Volume 44, Number 174,
July-September 2013
Colombia: Commercial Integration
and Trade Imbalances in the Pacific Basin
Jaime Torres

As seen in Table 1, industrial exports from Colombia to the Asian Pacific Basin in the period 2008-2010 showed the following features:

  • High concentration of mineral derivatives (63% in oil-derived products with low added value such as fuel oil).
  • Exports of products and chemical substances were very diverse, had high added value and came from a number of export companies.
  • Agro-industrial exports to Asia continued to be minimal.
  • Lightweight manufacturing industries had marginal shares and none exported over 3 million dollars annually on an individual basis.
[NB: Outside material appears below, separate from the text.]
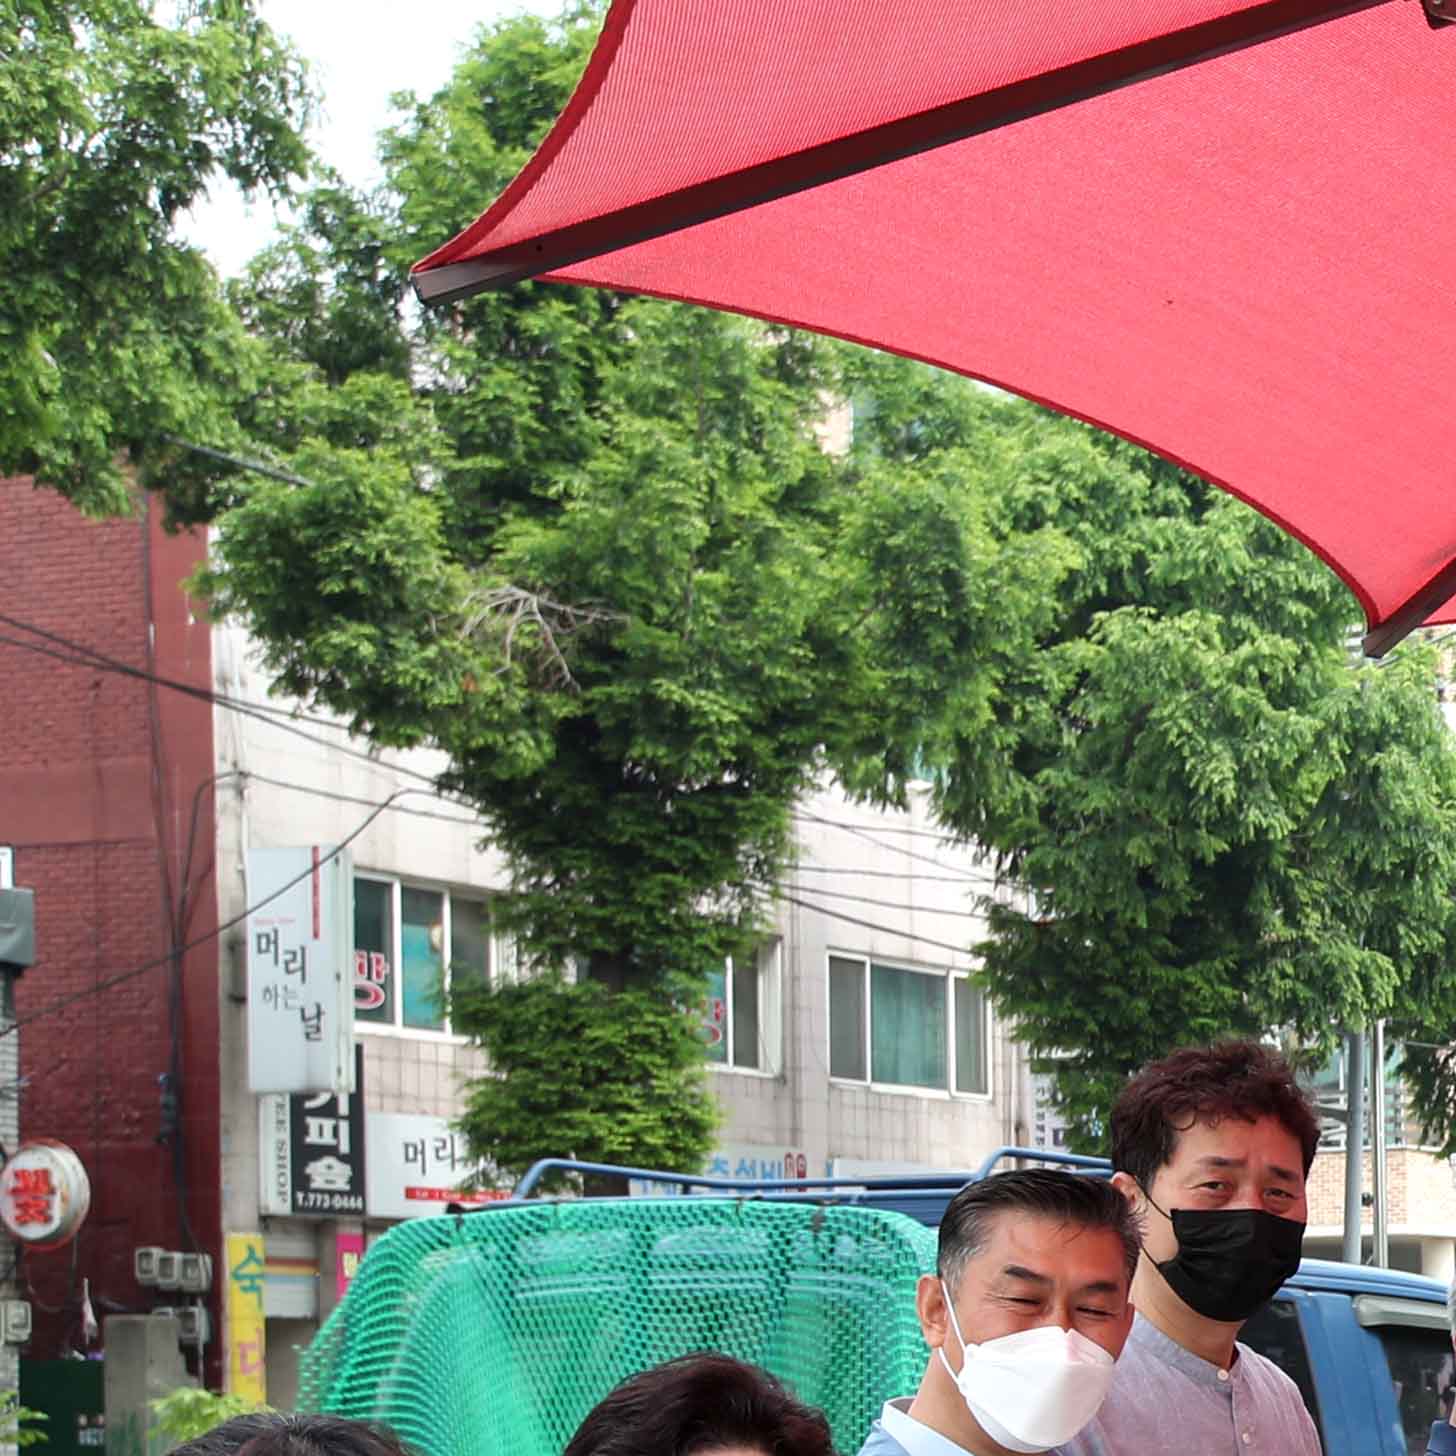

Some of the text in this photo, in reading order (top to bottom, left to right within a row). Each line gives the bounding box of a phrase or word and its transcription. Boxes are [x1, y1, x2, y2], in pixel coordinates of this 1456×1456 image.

Taken as a whole, industrial and agro-industrial exports grew an annual average of 24% over the last decade (with a value of only 46 million dollars as an annual average for the period 2008-2010, not including oil derivatives), showing dynamic growth from a low starting point, where chemical industrial products have the highest added value.


The imports that best represent the Pacific Basin in the 2009-2011 period were as follows:

As seen in Table 2, just over 80% of Colombian imports in the Asian Pacific were industrial goods of high and medium levels of technology. When compared to total Colombian industrial exports, it is clear that the mere importing of textiles is greater than the total of Colombian manufacturing exports (without oil derivatives). Chemical industry imports were 17 times higher than Colombian exports of the same sector, which is the most dynamic added value export. In summary, Colombian industrial exports only represented 7.4% of imports in the Asian Pacific, indicating the extreme weakness of Colombian export capacity for varied raw material products.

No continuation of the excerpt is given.